The "now() BETWEEN test_table_1.start_ts AND test_table_1.end_ts can't be
answered completely using a btree index. You could try using a GIST index here
but I'm not clear how much it would help you (or how much work it would be).

The "test_table_1.id = test_table_1.g_id" clause depends on intercolumn
"correlation" which Postgres doesn't make any attempt at analyzing. That's why
you've found that no matter how much you increase the statitics goal it can't
come up with a better estimate.

Actually the "now() between ..." clause also suffers from the inter-column
dependency issue which is why the estimates for it are off as well.

> However, if I add a boolean column named "equal_ids" to test_table_1 with
> the value (test_table_1.id = test_table_1.g_id), and use that in the query
> instead of the equality it does make a much better row estimate.

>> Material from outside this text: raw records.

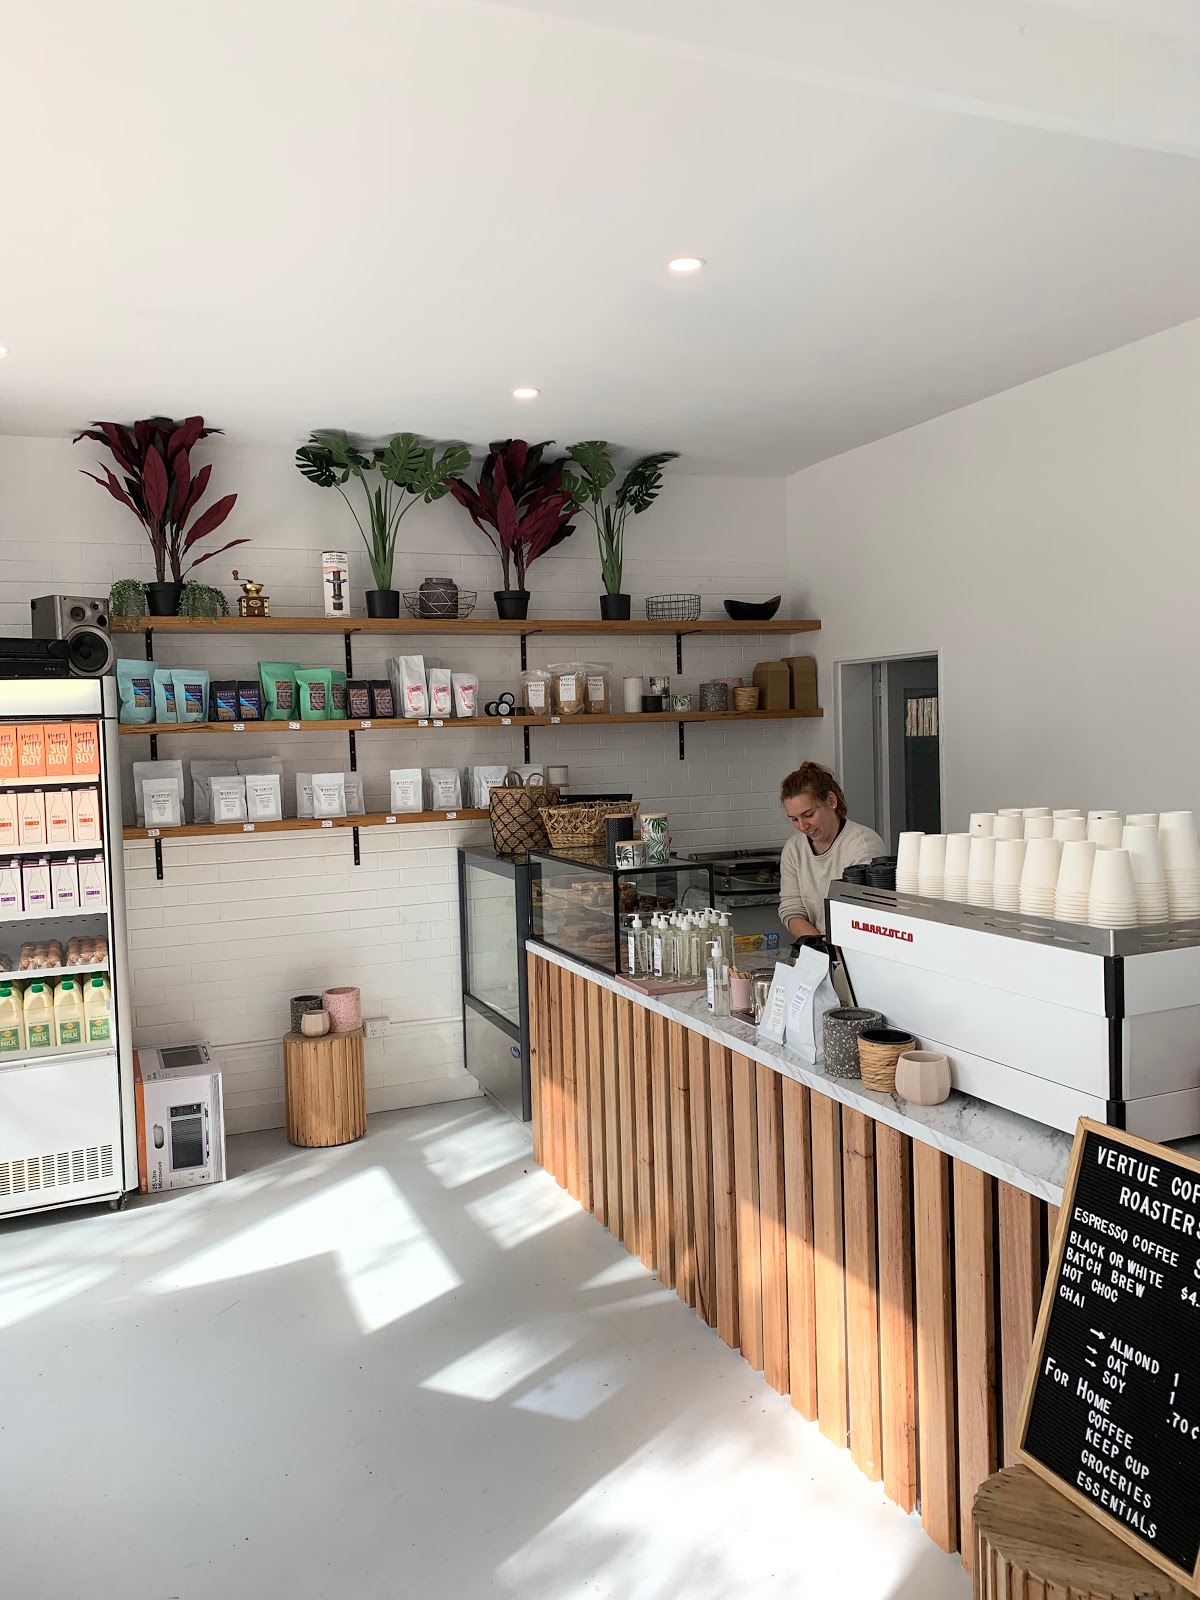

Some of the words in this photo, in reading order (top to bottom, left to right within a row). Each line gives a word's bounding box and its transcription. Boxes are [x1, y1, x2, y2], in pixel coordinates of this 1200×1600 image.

[0, 746, 15, 757] OY
[21, 755, 42, 766] BOY
[22, 745, 43, 756] SOY
[48, 754, 68, 765] BOY
[49, 744, 69, 755] SOY
[75, 753, 95, 764] BOY
[76, 743, 96, 754] SOY
[0, 756, 14, 767] OY
[1097, 1145, 1161, 1188] VERTUE
[1074, 1207, 1129, 1244] ESPRESSO
[1132, 1234, 1180, 1268] COFFEE
[1066, 1246, 1102, 1276] BATCH
[1110, 1269, 1146, 1298] BREW
[1069, 1230, 1106, 1260] BLACK
[1109, 1251, 1124, 1269] OR
[1127, 1259, 1164, 1289] WHITE
[1062, 1262, 1084, 1284] HOT
[1091, 1278, 1119, 1303] CHOC
[1059, 1284, 1086, 1309] CHAI
[1106, 1354, 1129, 1377] OAT
[1109, 1337, 1160, 1375] ALMOND
[1102, 1370, 1127, 1394] SOY
[1088, 1409, 1134, 1450] COFFEE
[1085, 1427, 1120, 1459] KEEP
[1125, 1455, 1150, 1480] CUP
[1081, 1449, 1152, 1509] GROCERIES
[1076, 1470, 1157, 1539] ESSENTIALS

One thing you could try is making an expression index on that expression. You
don't need to actually have a redundant column bloating your table. In 8.1 I
believe Postgres will even calculate statistics for these expression indexes.

In fact you could go one step further and try a partial index like:

CREATE INDEX eq_start ON test_table (start_ts) WHERE id = g_id

The ideal combination might be to create a partial GIST index :)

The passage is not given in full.